• **Data section**
══════════
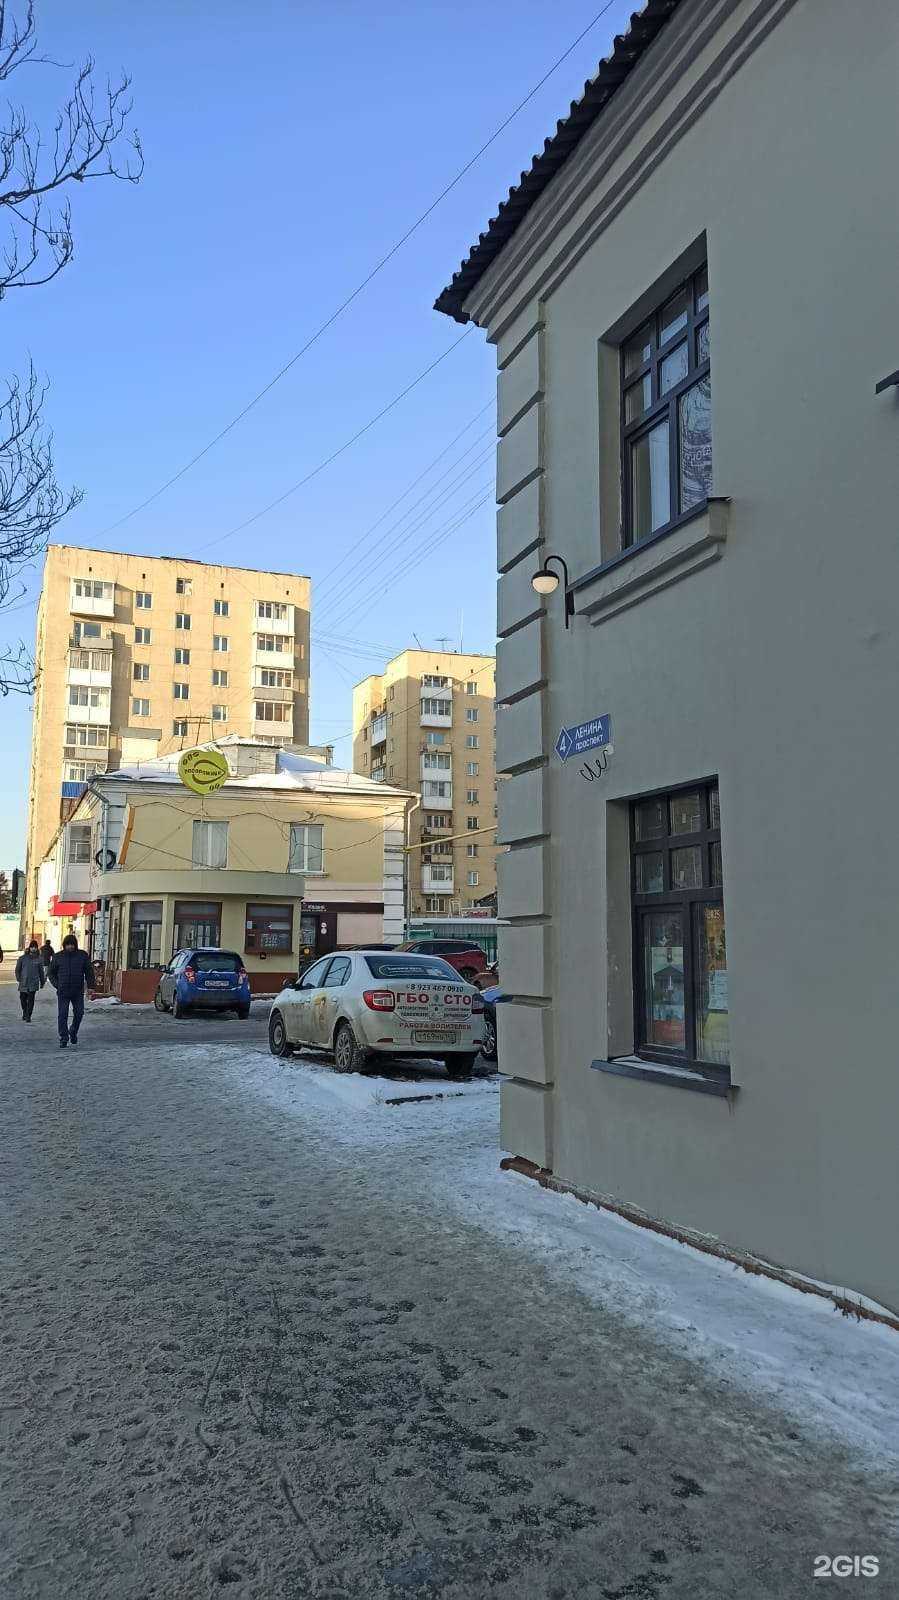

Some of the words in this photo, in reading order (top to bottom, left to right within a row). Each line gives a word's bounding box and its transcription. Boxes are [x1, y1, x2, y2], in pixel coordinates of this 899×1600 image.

[575, 720, 603, 741] ЛЕНИНА
[560, 735, 567, 753] 4
[575, 735, 603, 751] проспект
[397, 992, 430, 1004] ГБО
[443, 994, 472, 1006] СТО
══════════
Transcribe the material exactly, leaving every picture out.

• **Worked solution**
Some of the words in this photo, in reading order (top to bottom, left to right within a row). Each line gives a word's bounding box and its transcription. Boxes are [x1, y1, x2, y2], in pixel coordinates of this 899×1600 image.

[575, 720, 603, 741] ЛЕНИНА
[560, 735, 567, 753] 4
[575, 735, 603, 751] проспект
[397, 992, 430, 1004] ГБО
[443, 994, 472, 1006] СТО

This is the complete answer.